*INSTRUCTIONS FOR THE TASK:* Go through the data and retrieve each line that includes the string "FLOUR".

*GIVEN DATA:*

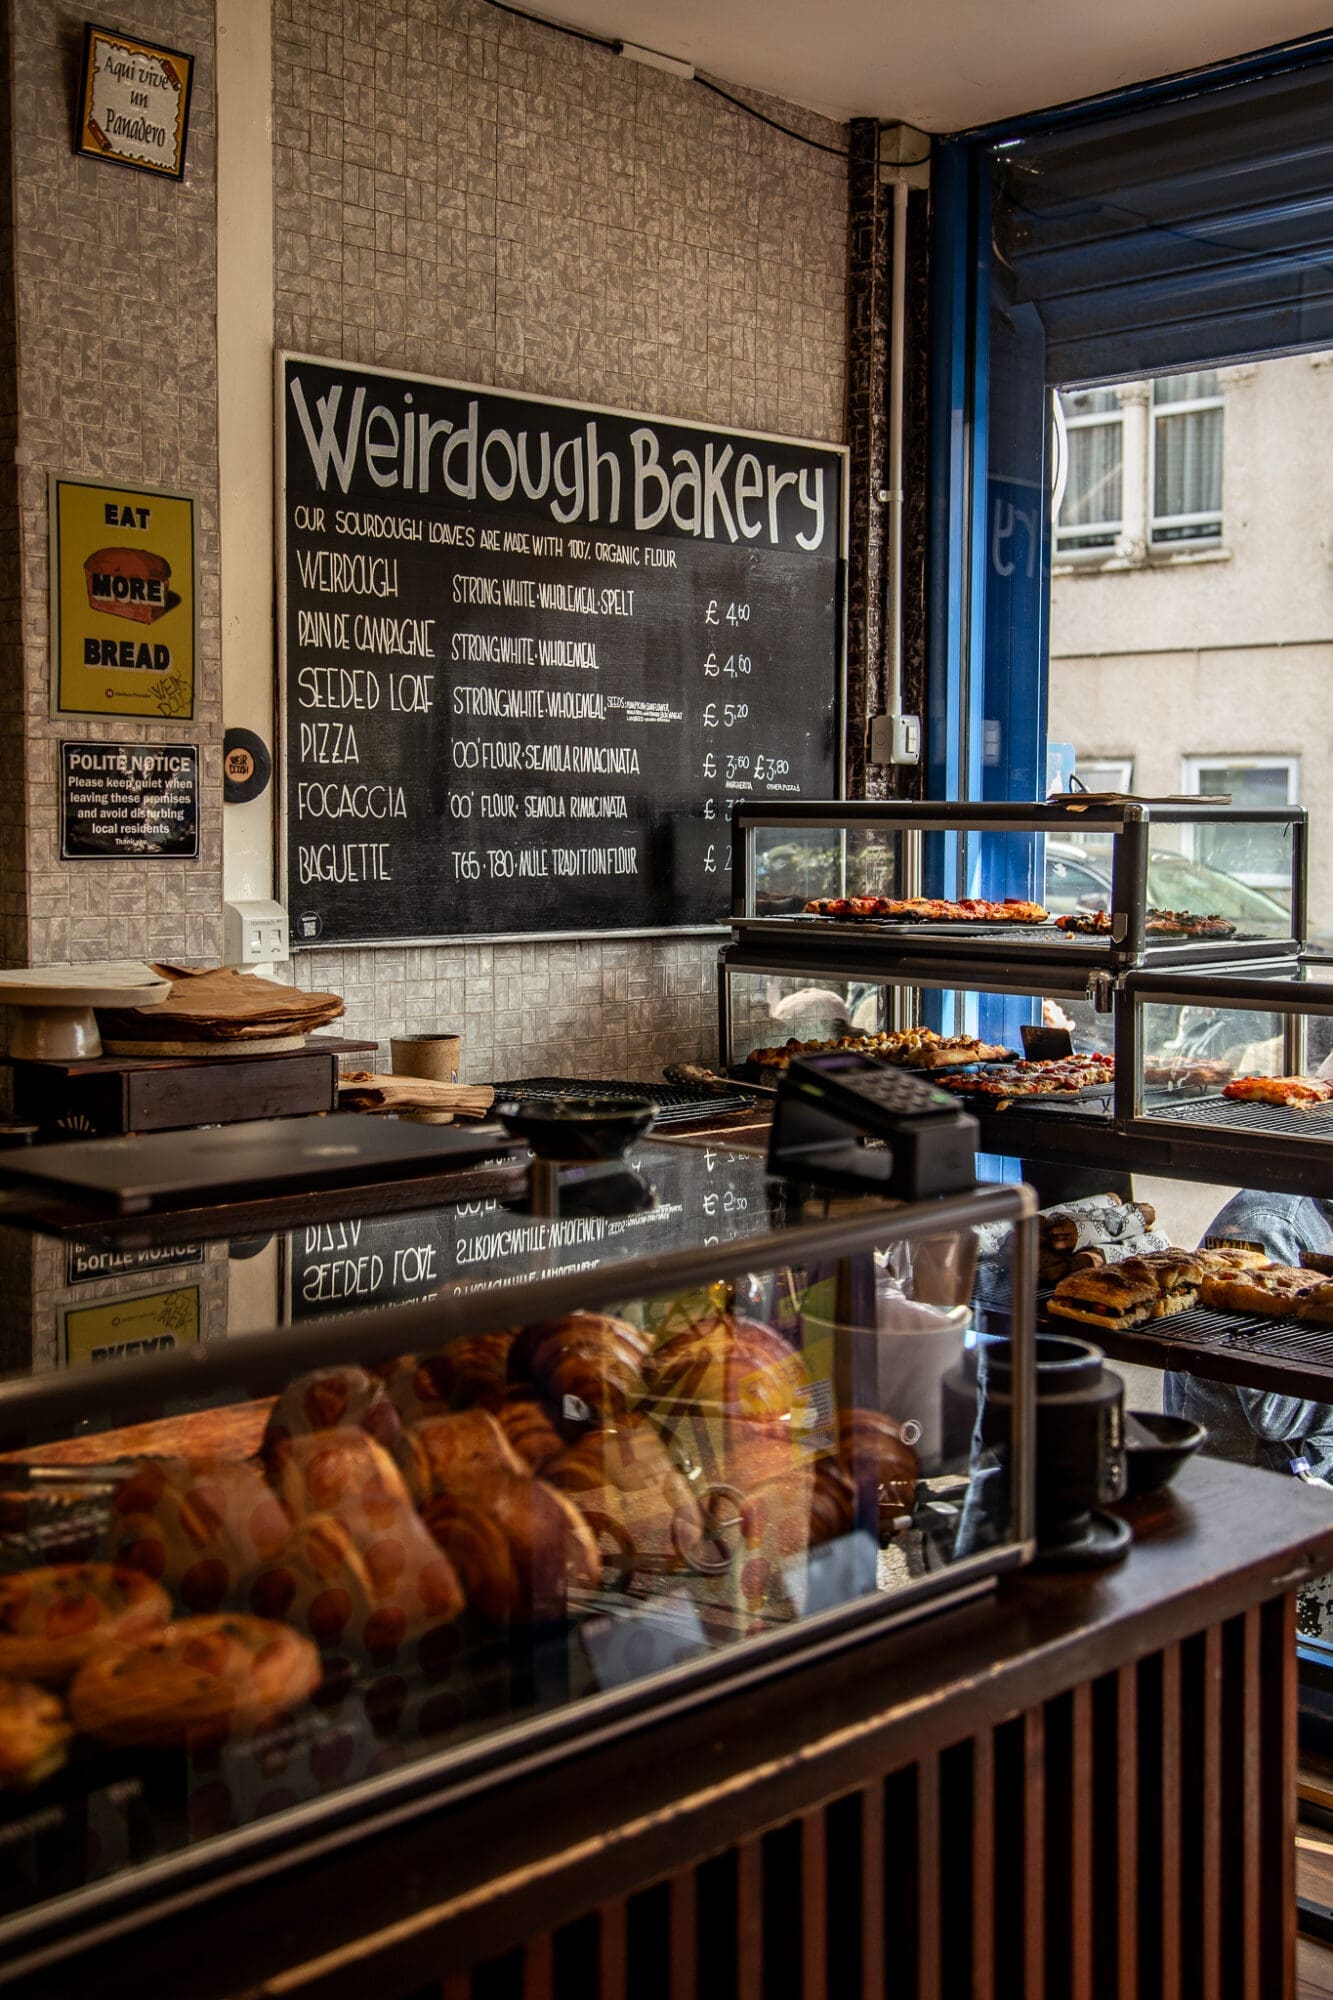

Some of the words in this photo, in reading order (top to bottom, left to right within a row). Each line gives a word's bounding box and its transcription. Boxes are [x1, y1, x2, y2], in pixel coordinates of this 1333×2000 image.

[104, 56, 135, 83] Aqui
[138, 66, 169, 90] vive
[130, 90, 148, 108] un
[105, 108, 166, 147] Panadero
[290, 377, 620, 524] Weirdough
[104, 503, 150, 530] EAT
[295, 506, 326, 533] OUR
[335, 510, 422, 541] SOURDOUGH
[429, 521, 475, 547] LOAVES
[480, 529, 501, 551] ARE
[503, 532, 530, 554] MADE
[532, 535, 563, 557] WITH
[568, 539, 591, 562] 100%
[595, 542, 640, 566] ORGANIC
[644, 548, 677, 568] FLOUR
[92, 572, 163, 604] MORE
[297, 550, 398, 597] WEIRDOUGH
[452, 574, 501, 605] STRONG
[502, 579, 535, 609] WHITE
[298, 610, 331, 648] PAIN
[334, 613, 350, 650] DE
[354, 615, 435, 657] CAMPAGNE
[84, 638, 170, 670] BREAD
[539, 639, 599, 669] WHOLEMEAL
[298, 667, 380, 709] SEEDED
[389, 673, 434, 713] LOAF
[300, 722, 359, 764] PIZZA
[482, 741, 522, 770] FLOUR
[525, 744, 571, 772] SEMOLA
[572, 746, 640, 775] RIMACINATA
[70, 754, 127, 771] POLITE
[132, 756, 190, 772] NOTICE
[68, 776, 104, 787] Please
[106, 777, 132, 790] keep
[135, 778, 162, 790] quiet
[165, 779, 193, 789] when
[70, 792, 108, 805] leaving
[111, 793, 140, 803] these
[143, 793, 191, 805] premises
[78, 808, 97, 818] and
[100, 808, 127, 818] avoid
[131, 808, 184, 821] disturbing
[298, 782, 407, 820] FOCACCIA
[481, 793, 516, 818] FLOUR
[524, 795, 565, 818] SEMOLA
[570, 796, 628, 819] RIMACINATA
[92, 824, 117, 833] local
[120, 824, 170, 834] residents
[299, 843, 392, 884] BAGUETTE
[451, 851, 480, 880] T65
[486, 850, 513, 878] T80
[551, 847, 607, 876] TRADITION
[608, 846, 638, 874] FLOUR

*ANSWER TO THIS TASK:*
[644, 548, 677, 568] FLOUR
[482, 741, 522, 770] FLOUR
[481, 793, 516, 818] FLOUR
[608, 846, 638, 874] FLOUR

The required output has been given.